**Task instructions:** Record by record, write out the listing word for word while omitting pictures.

**The input:**
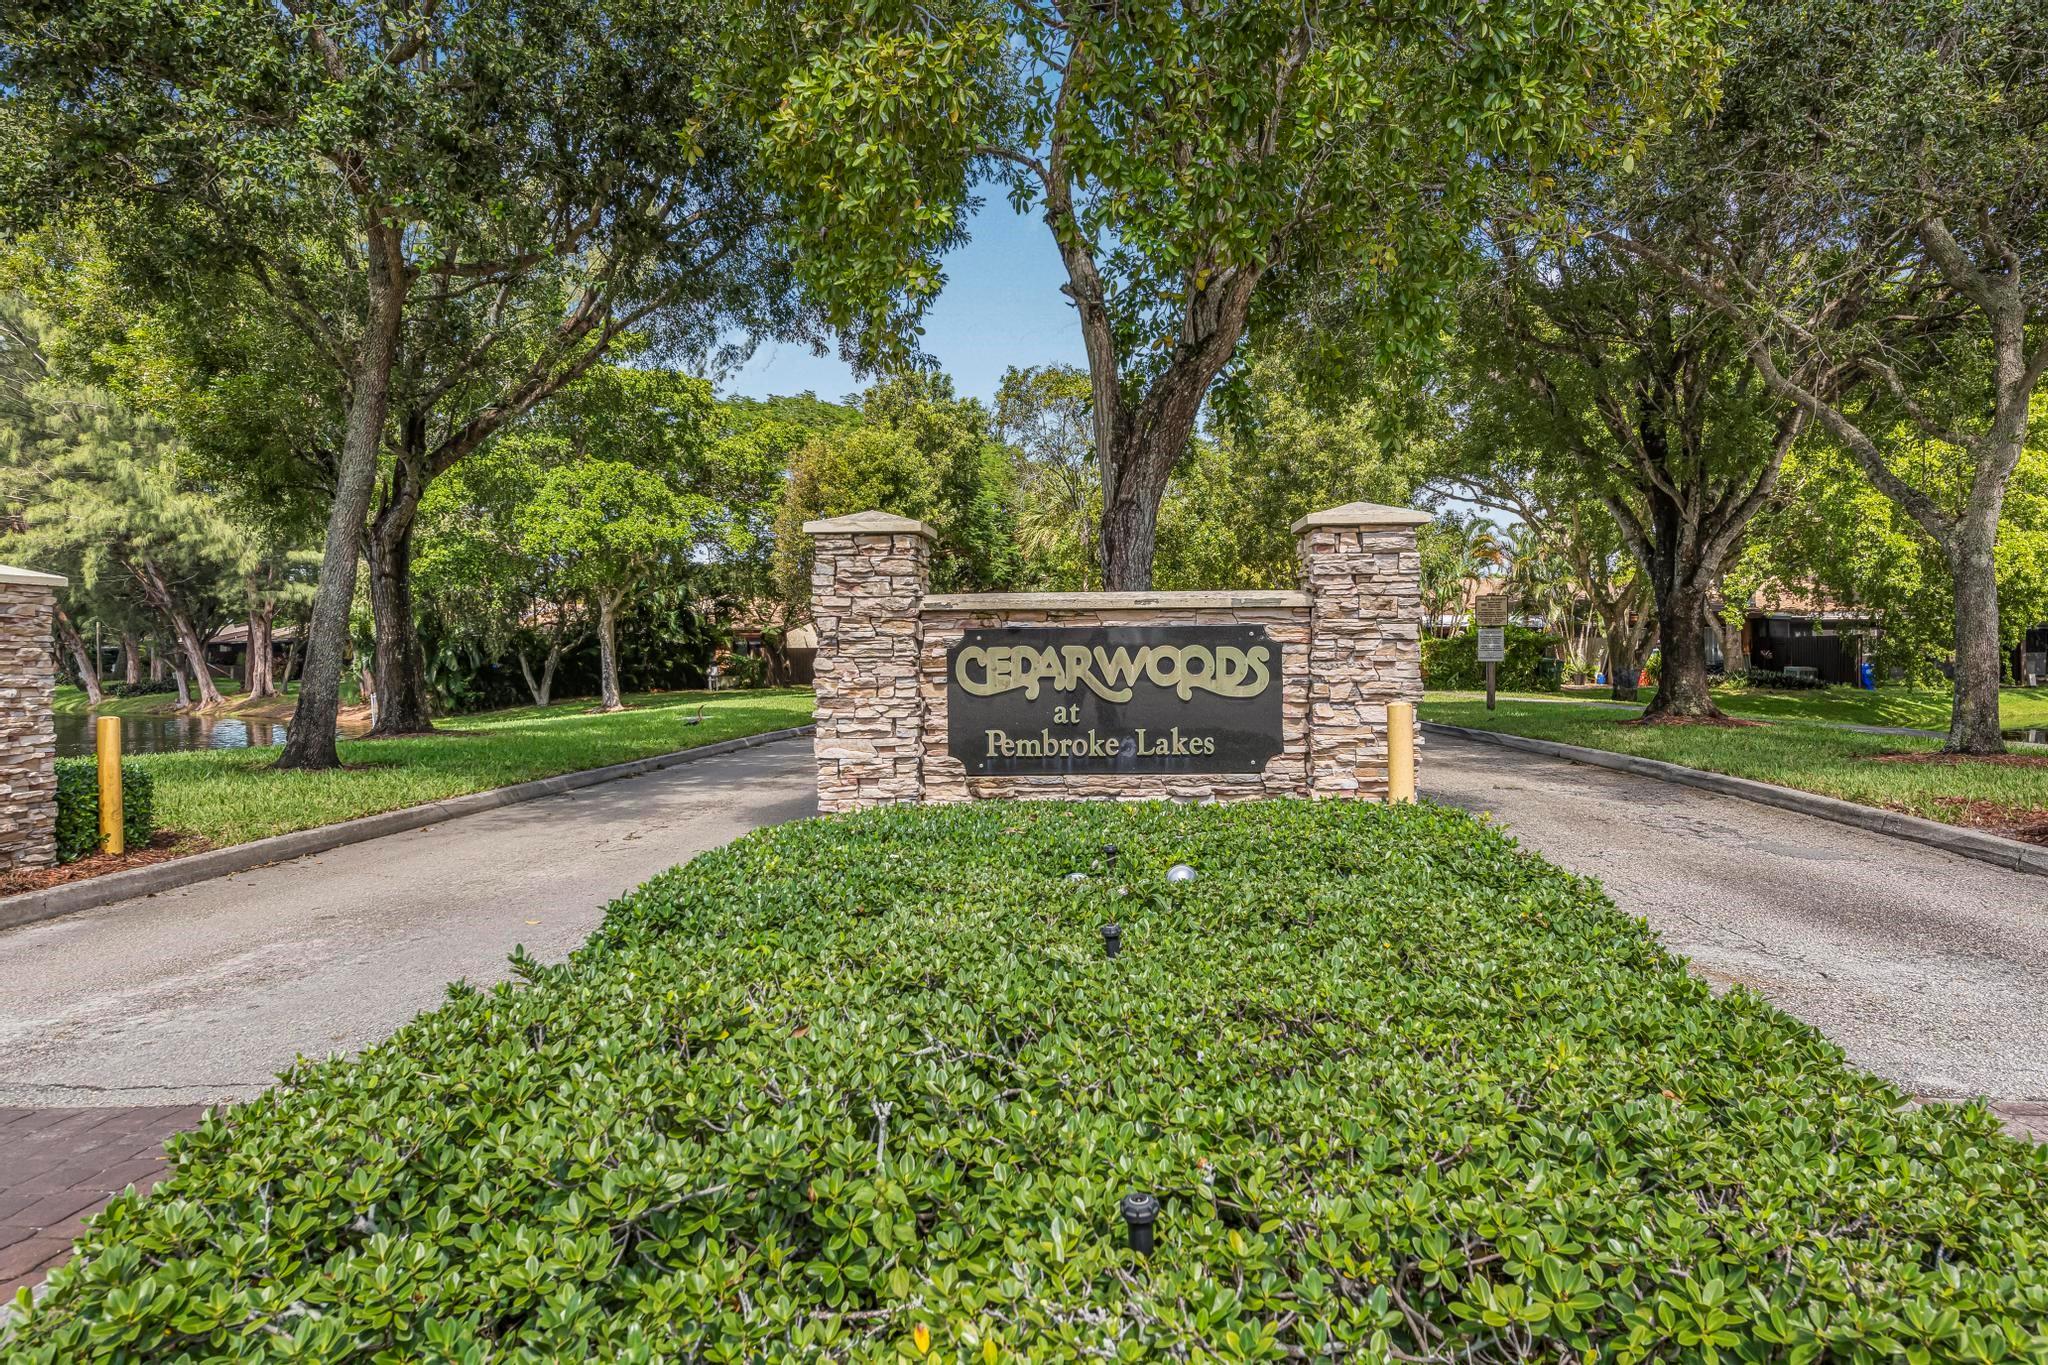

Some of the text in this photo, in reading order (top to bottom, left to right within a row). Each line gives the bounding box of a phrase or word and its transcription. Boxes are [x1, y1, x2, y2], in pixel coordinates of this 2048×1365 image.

[955, 645, 1270, 702] CEDARWOODS
[1053, 703, 1081, 724] at
[985, 727, 1215, 757] Pembroke Lakes
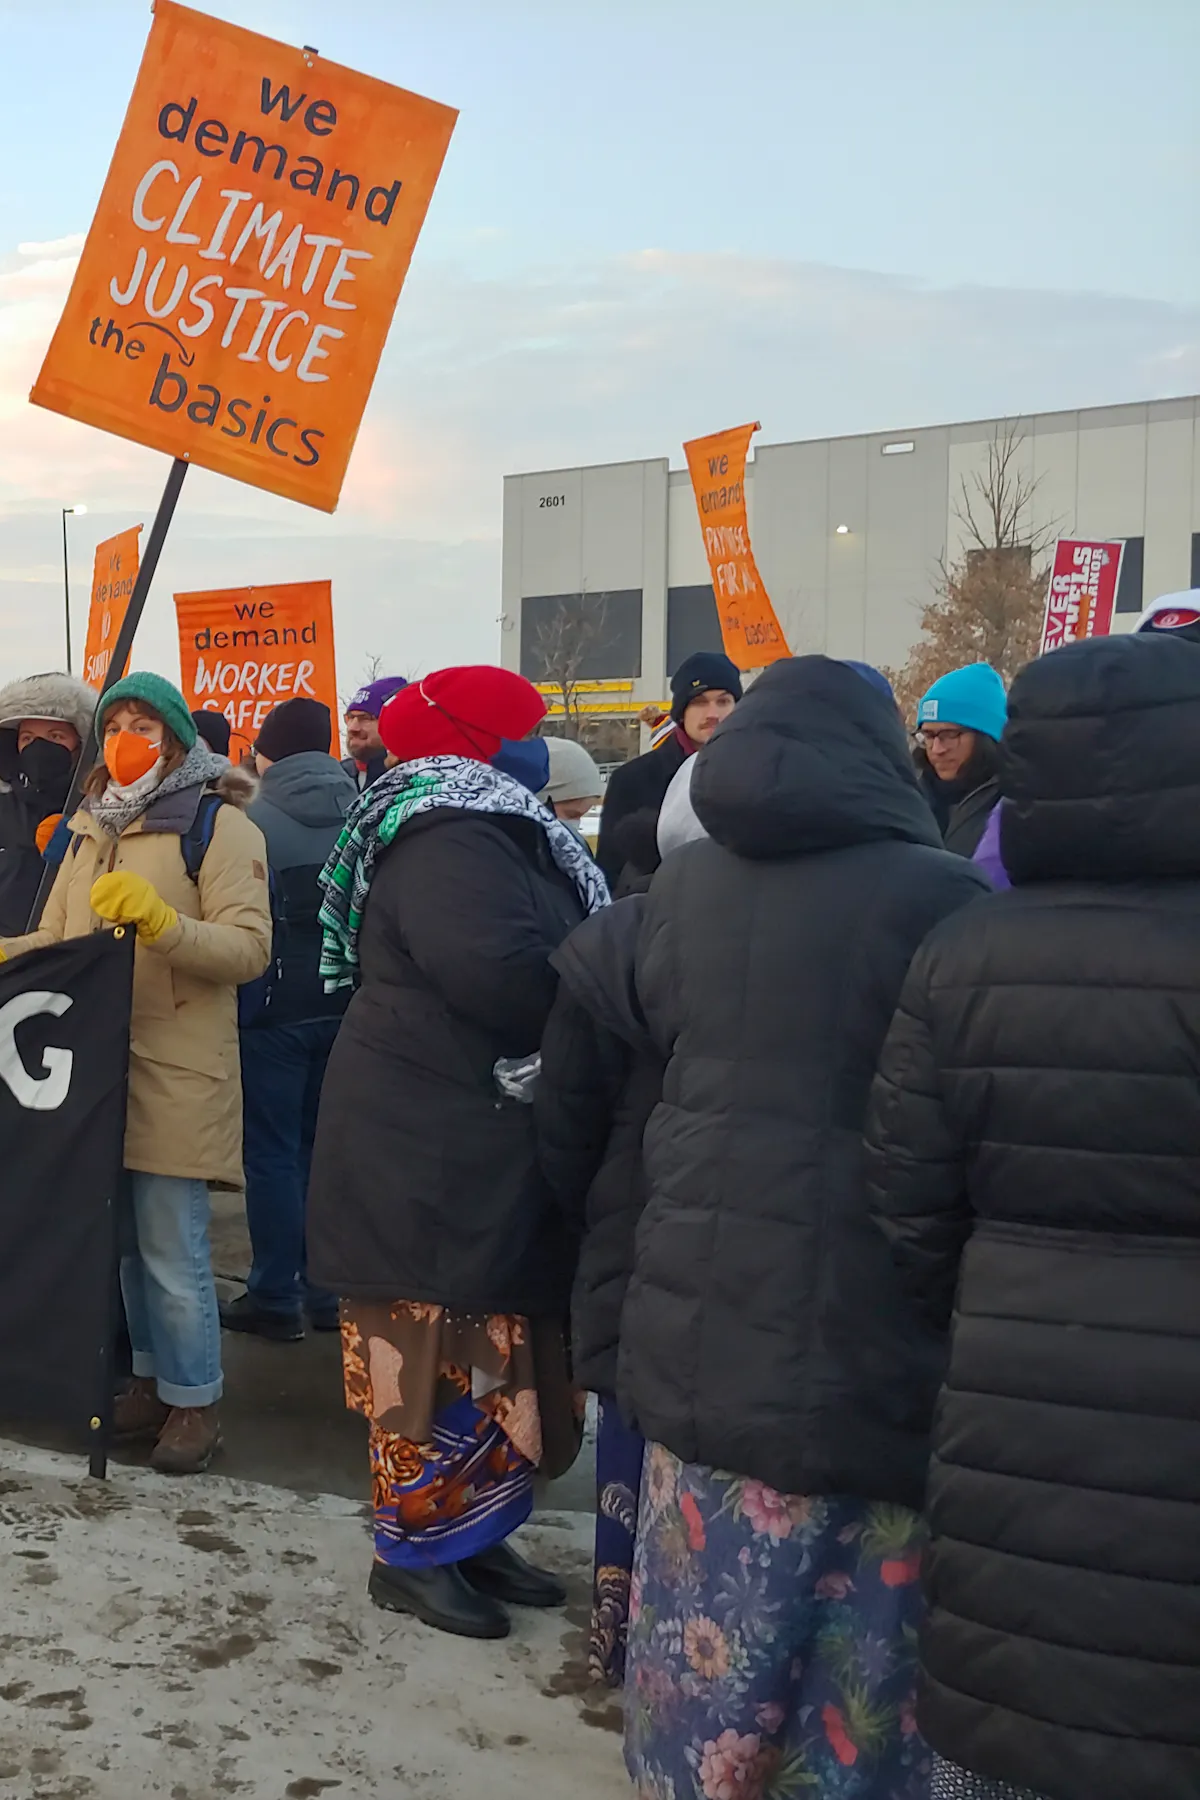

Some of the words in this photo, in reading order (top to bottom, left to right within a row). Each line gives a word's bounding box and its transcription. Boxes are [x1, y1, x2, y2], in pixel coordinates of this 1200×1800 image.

[261, 77, 337, 135] we
[158, 97, 402, 225] demand
[132, 160, 373, 310] CLIMATE
[89, 317, 145, 360] the
[110, 248, 346, 383] JUSTICE
[149, 352, 325, 466] basics
[539, 495, 566, 508] 2601
[234, 601, 275, 620] we
[194, 621, 317, 651] demand
[193, 656, 316, 696] WORKER

**The completed task:**
Some of the text in this photo, in reading order (top to bottom, left to right within a row). Each line gives the bounding box of a phrase or word and its transcription. Boxes are [x1, y1, x2, y2], in pixel coordinates of this 2048×1365 image.

[955, 645, 1270, 702] CEDARWOODS
[1053, 703, 1081, 724] at
[985, 727, 1215, 757] Pembroke Lakes

Some of the words in this photo, in reading order (top to bottom, left to right within a row). Each line gives a word's bounding box and its transcription. Boxes are [x1, y1, x2, y2], in pixel coordinates of this 1200×1800 image.

[261, 77, 337, 135] we
[158, 97, 402, 225] demand
[132, 160, 373, 310] CLIMATE
[89, 317, 145, 360] the
[110, 248, 346, 383] JUSTICE
[149, 352, 325, 466] basics
[539, 495, 566, 508] 2601
[234, 601, 275, 620] we
[194, 621, 317, 651] demand
[193, 656, 316, 696] WORKER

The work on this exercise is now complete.